Blanca sonrió a través de los velos. Henestrosa, cubierto con un sombrero de grandes plumas rojas, se mantenía erguido sobre su tordo, como si ni el calor ni la solana le afectasen. Ella, en cambio, pese a la sombrilla y el abanico, sentía a veces que le faltaba el mismo aire. Devolvió los ojos a la ciudad lejana, que temblaba como un espejismo, mientras Henestrosa a su vez espiaba sus gestos, sin lograr sacar nada en claro, pues doña Blanca había sido educada desde niña para mantener la compostura.

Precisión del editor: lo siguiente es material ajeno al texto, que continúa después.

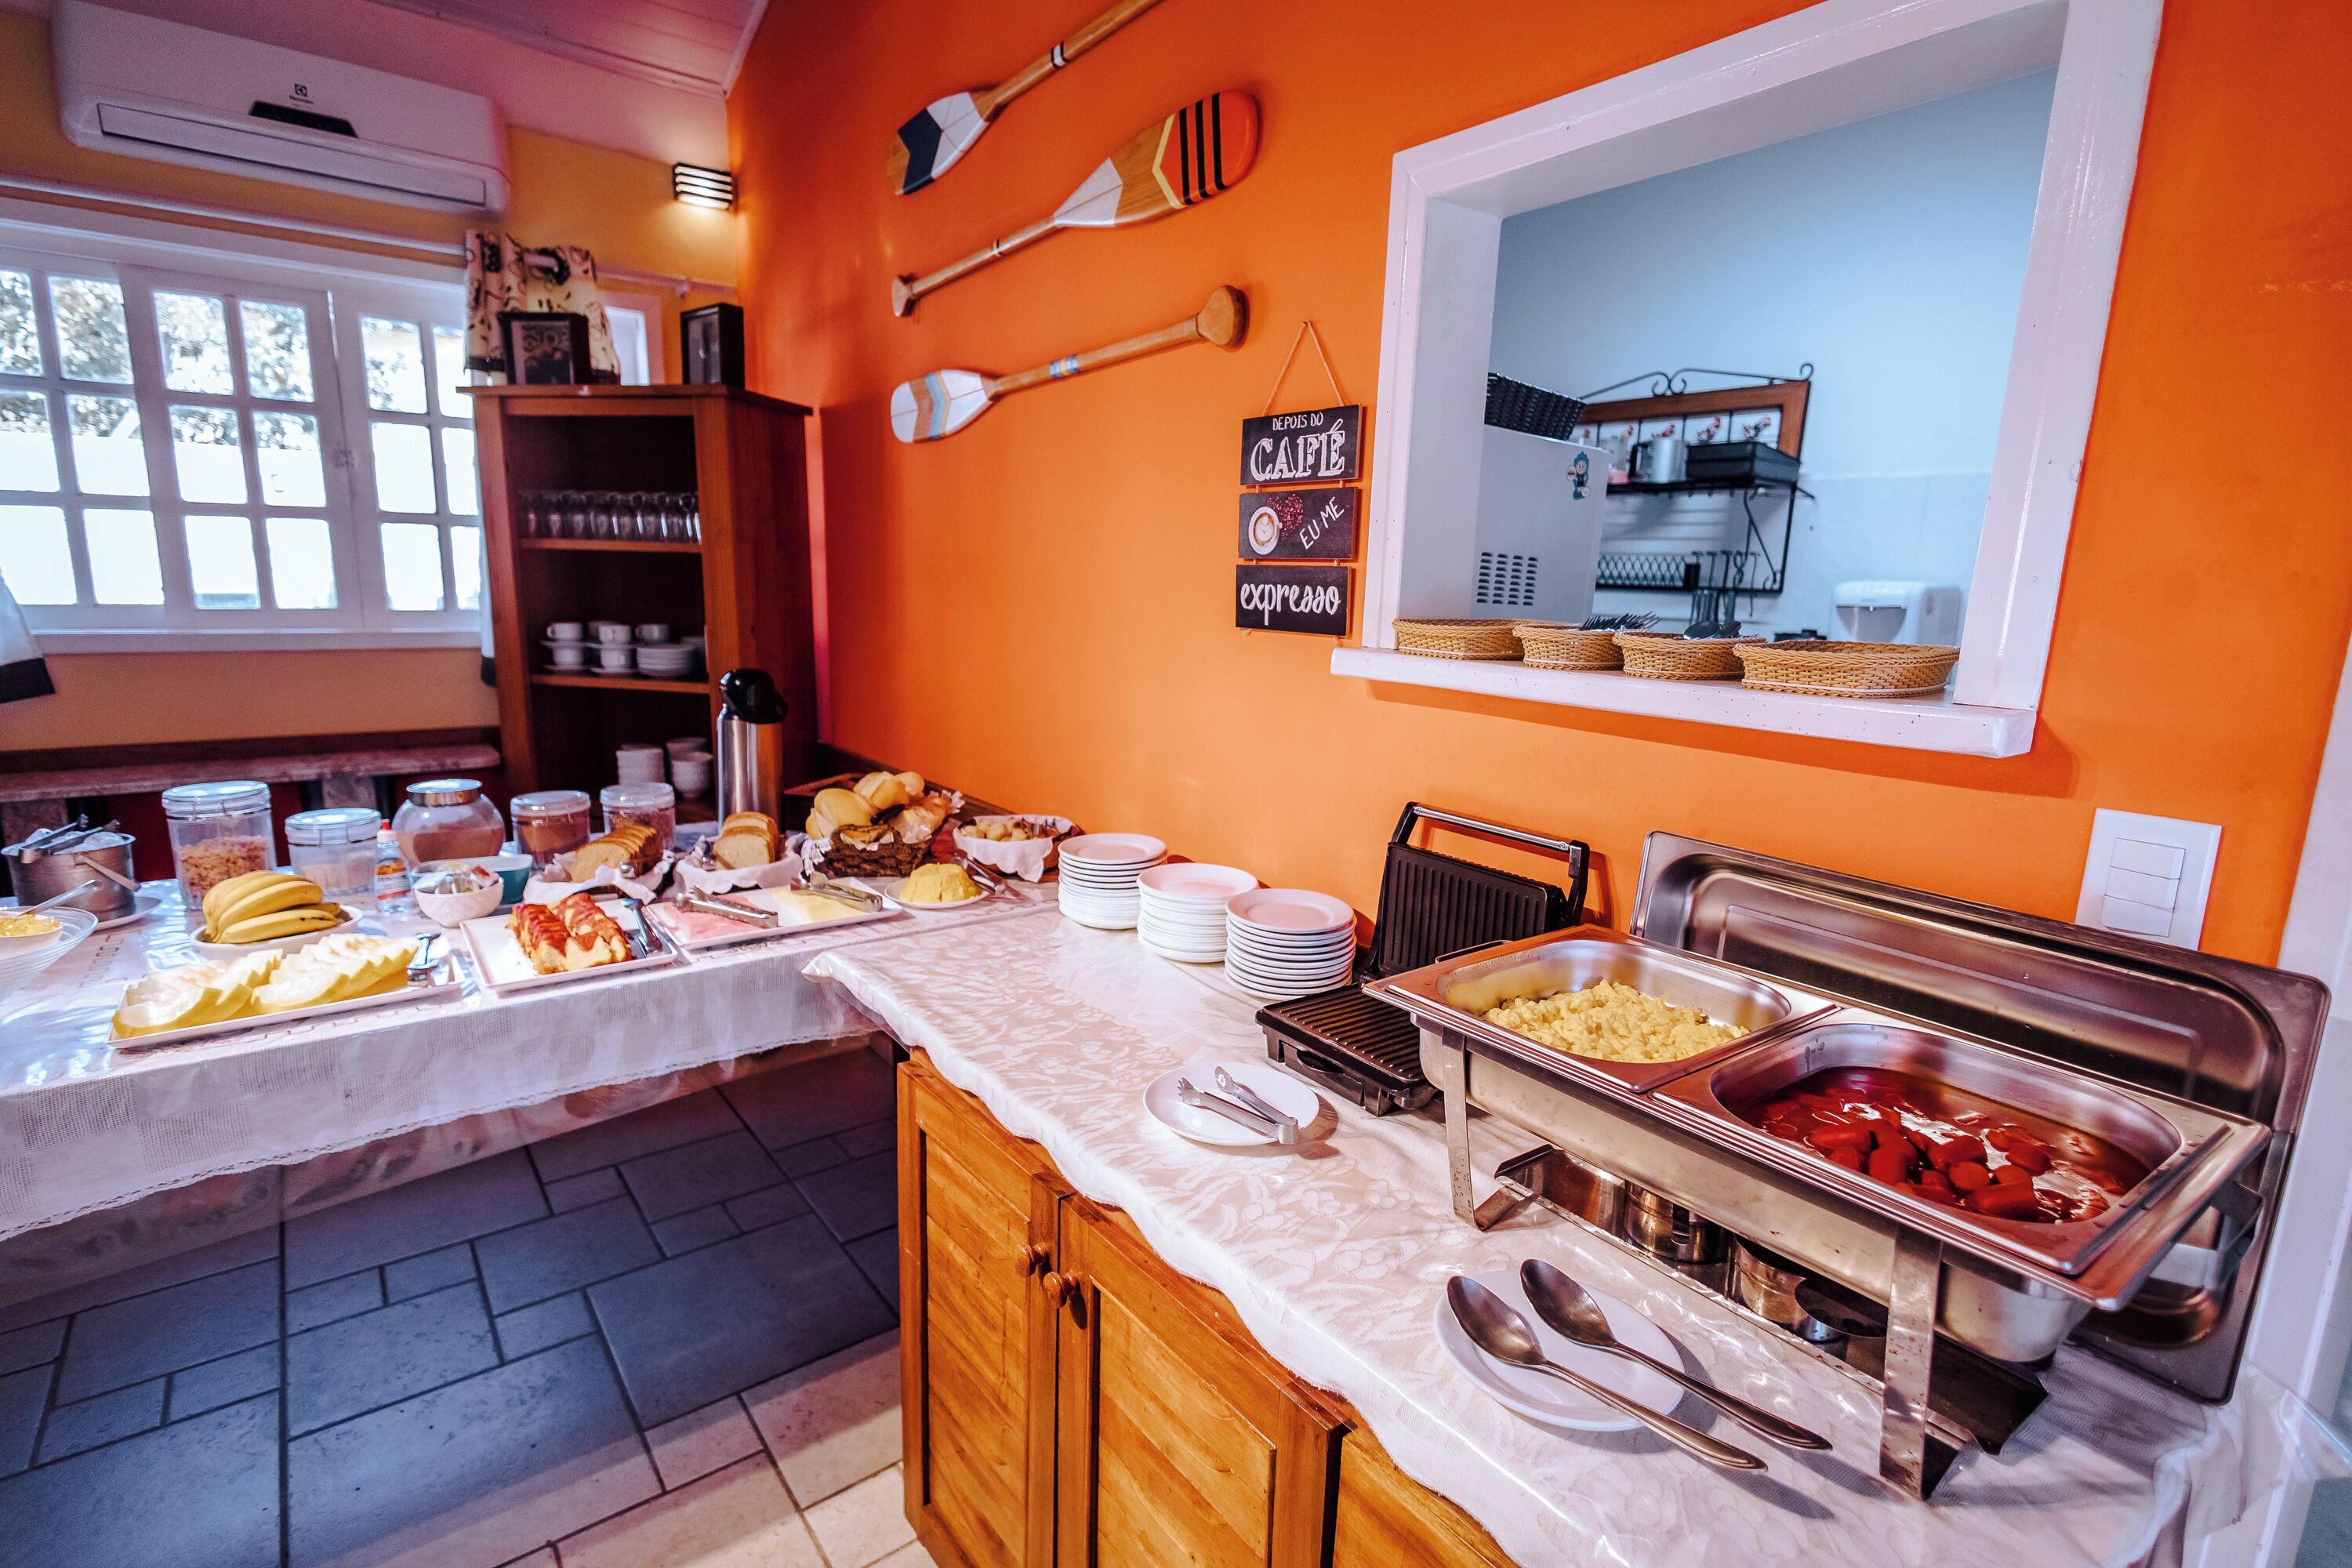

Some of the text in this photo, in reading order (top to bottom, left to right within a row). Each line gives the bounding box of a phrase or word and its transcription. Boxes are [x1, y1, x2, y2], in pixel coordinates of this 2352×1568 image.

[1272, 412, 1324, 430] DEPOIS DO
[1250, 418, 1345, 481] CAFÉ
[1299, 496, 1345, 550] EU ME
[1240, 583, 1341, 626] expresso
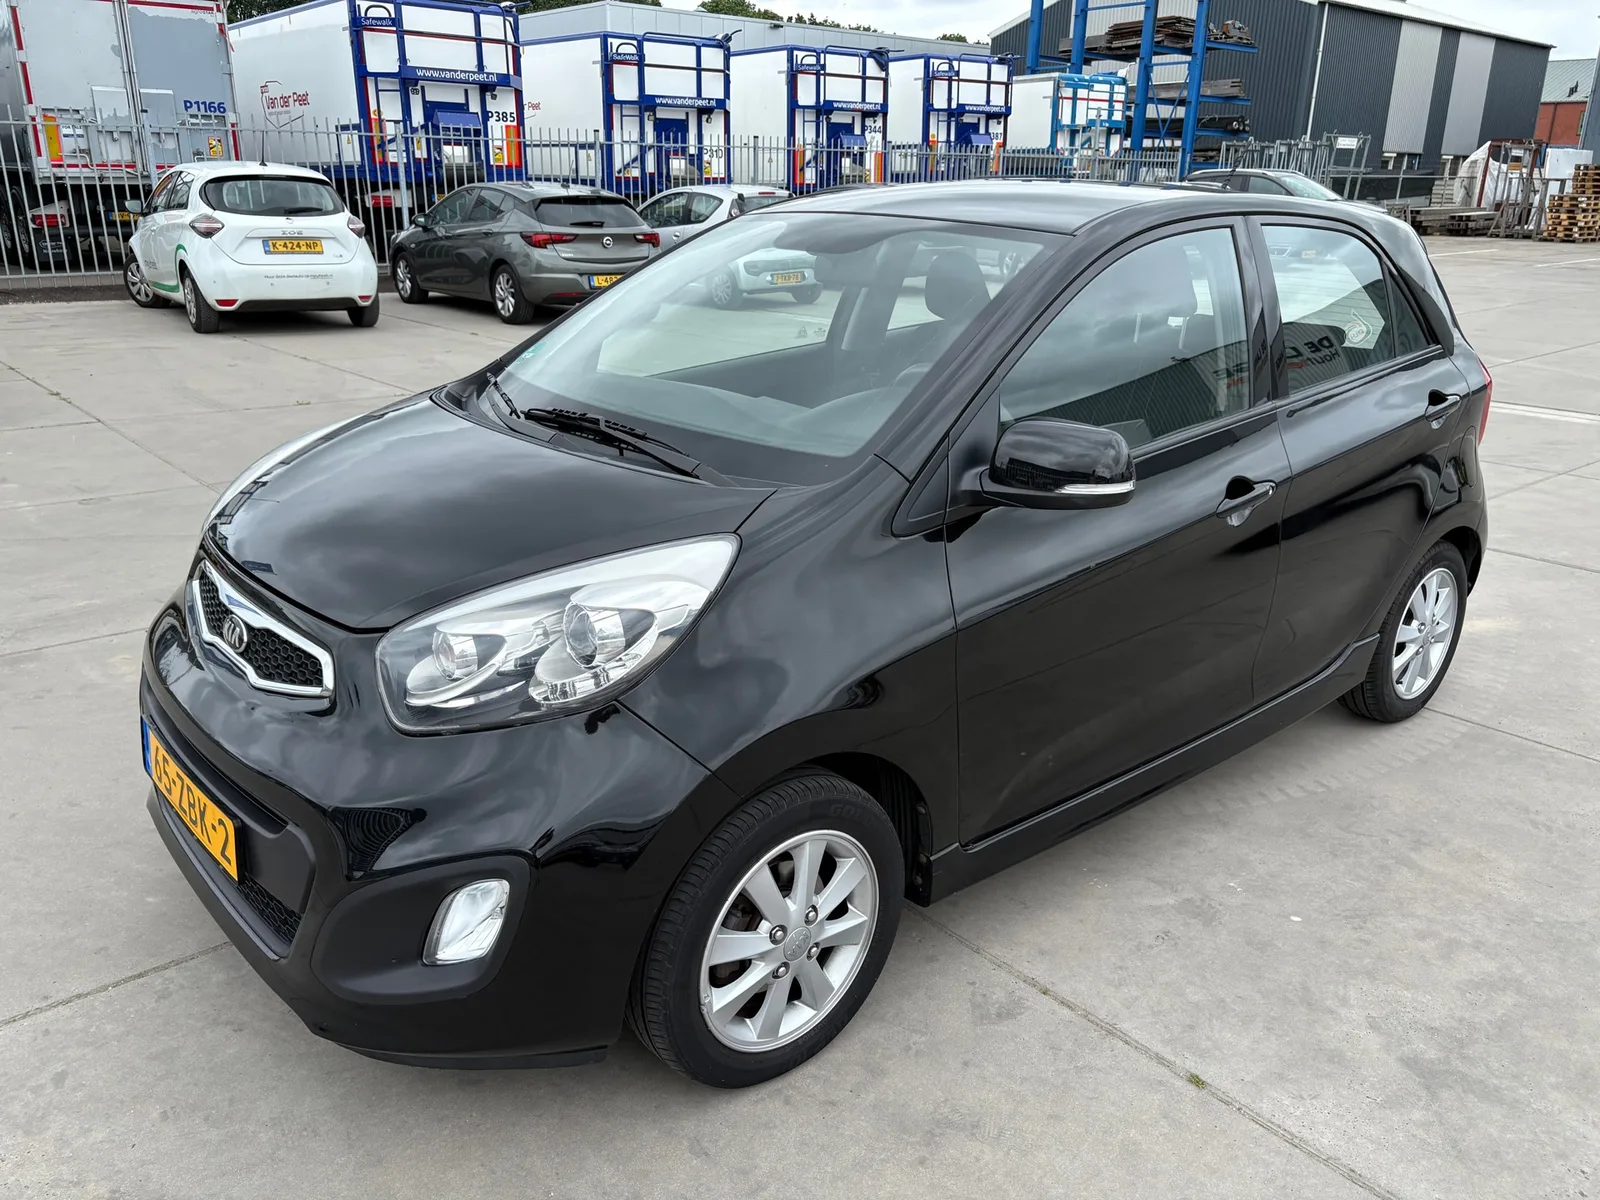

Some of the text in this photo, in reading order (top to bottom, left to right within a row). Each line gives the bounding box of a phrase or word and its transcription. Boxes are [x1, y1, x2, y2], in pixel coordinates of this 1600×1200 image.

[361, 18, 393, 26] Safewalk
[416, 69, 498, 82] www.vanderpeet.nl
[264, 90, 310, 110] Van der Peet
[655, 97, 717, 107] www.vanderpeet.nl
[183, 99, 227, 114] P1166
[832, 102, 881, 110] www.vanderpeet.nl
[965, 105, 1006, 113] www.vanderpeet.nl
[487, 110, 516, 123] P385
[271, 241, 319, 251] K-424-NP
[153, 744, 233, 867] 65-ZBK-2
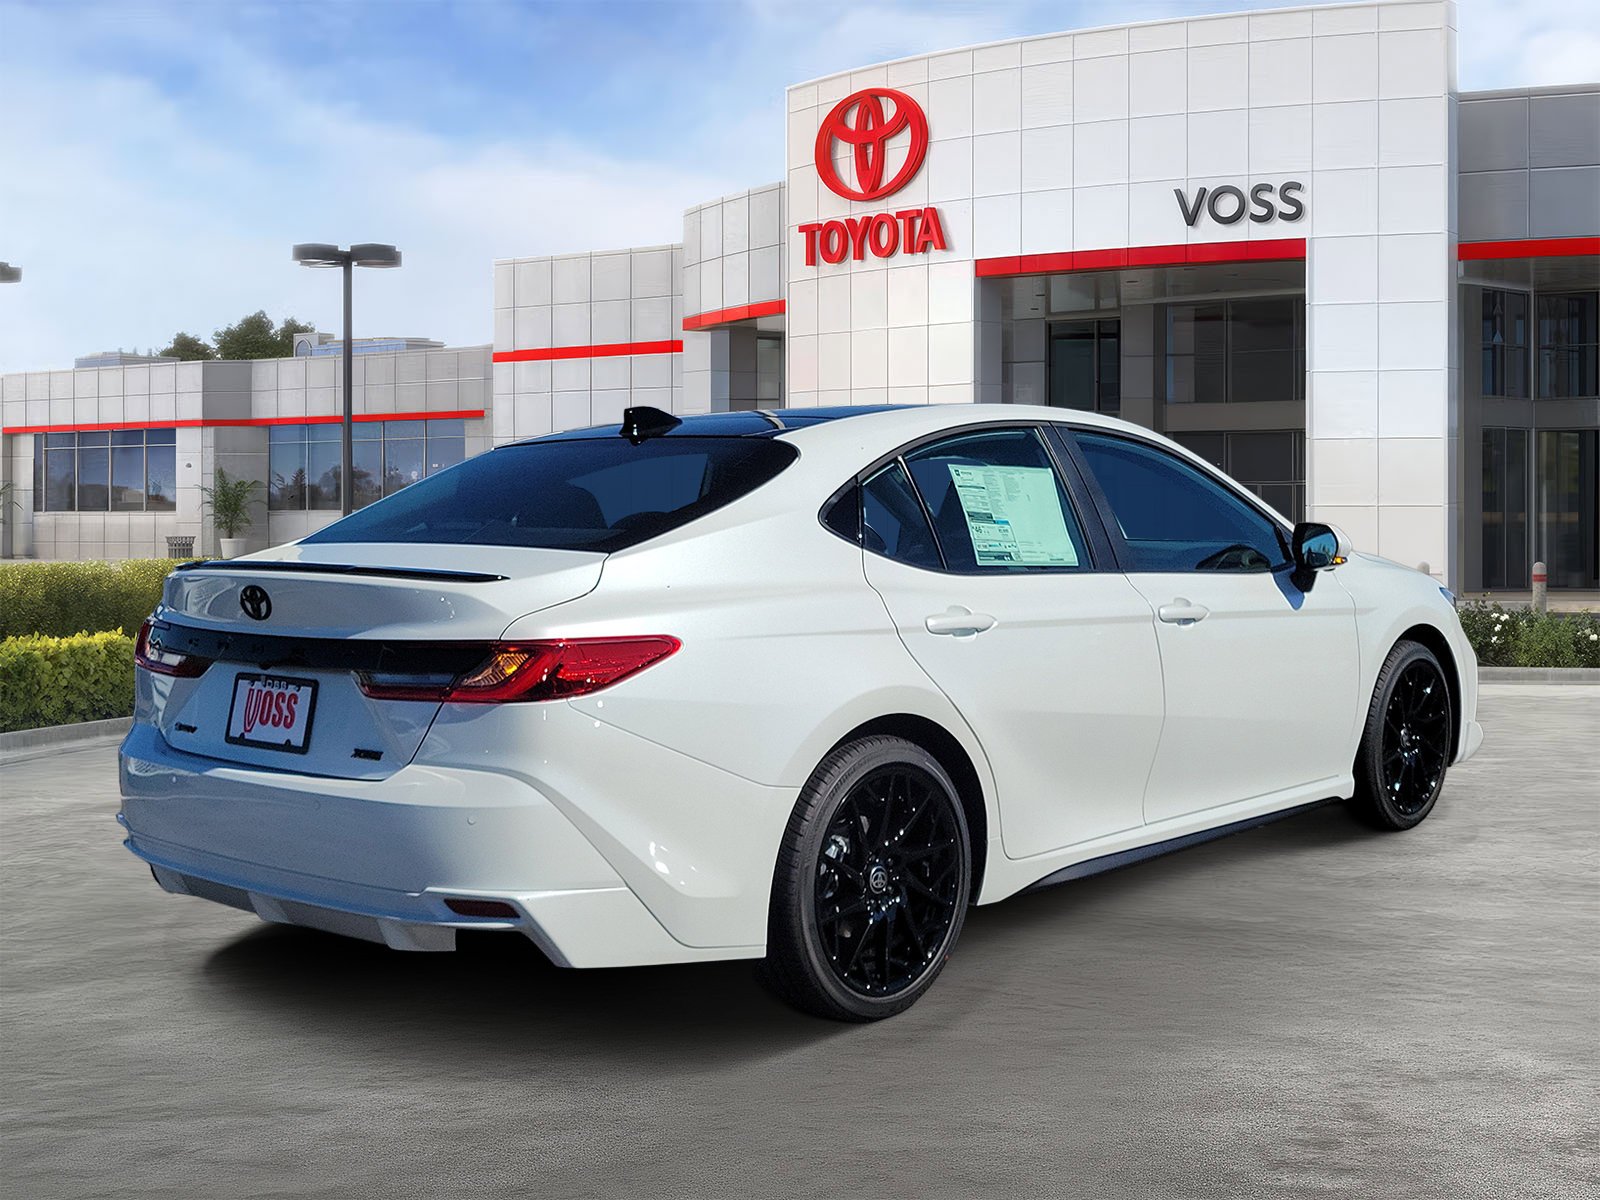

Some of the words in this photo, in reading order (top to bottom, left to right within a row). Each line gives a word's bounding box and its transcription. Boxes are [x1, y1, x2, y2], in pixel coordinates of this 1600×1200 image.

[1174, 181, 1303, 226] VOSS
[798, 207, 947, 266] TOYOTA
[244, 688, 298, 732] VOSS
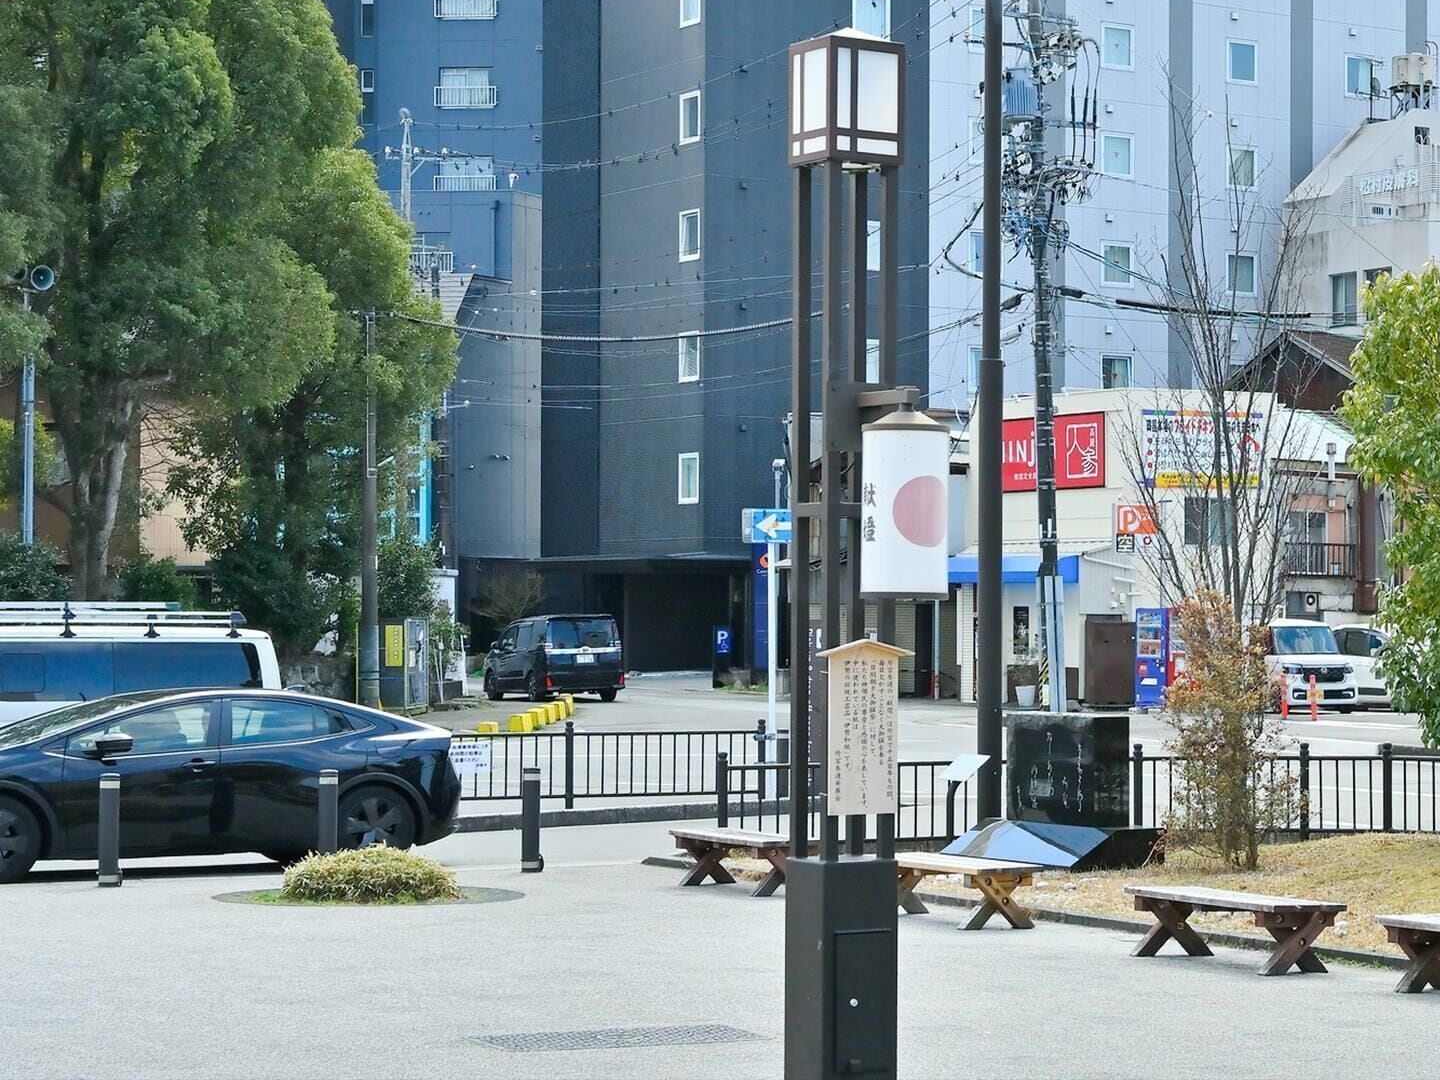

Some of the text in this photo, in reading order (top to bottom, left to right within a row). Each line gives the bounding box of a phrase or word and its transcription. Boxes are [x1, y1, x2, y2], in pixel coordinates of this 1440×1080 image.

[1359, 168, 1419, 195] 松村皮膚科
[1119, 506, 1142, 532] P
[1117, 534, 1134, 552] 空
[717, 630, 729, 645] P

Ante todo el mundo, en todo momento, se comportaba como una reina en tránsito entre dos residencias, y no como una casi prisionera rumbo a una cárcel. El respeto que le mostraba Henestrosa le hacía el trago más llevadero; pero, en privado, la máscara se resquebrajaba y, por las grietas, asomaban miedos más fuertes de día en día. La noche que se detuvieron en Almorox, estando a solas con su aya, la careta se había roto incluso por completo.
Sus otras damas se habían ya retirado, dejándolas conversar a la luz de unas pocas velas. Blanca había ponderado la situación en que se hallaba, examinando las distintas opciones con frialdad de ajedrecista, hasta que, de repente, cedió al llanto. Como el deshielo en primavera, le asomó primero humedad a los ojos y, luego, lágrimas gruesas comenzaron a correrle por las mejillas. Leonor de Saldaña, que había visto llorar mucho, la dejó unos instantes, antes de levantarse de su silla para rodearla con los brazos.
—Tengo miedo. —La oyó hipar—. Miedo. No puedo más. Es como esa bajada a los Infiernos de la que hablan los predicadores. Cada paso me lleva más abajo, sin que se pueda ver el final.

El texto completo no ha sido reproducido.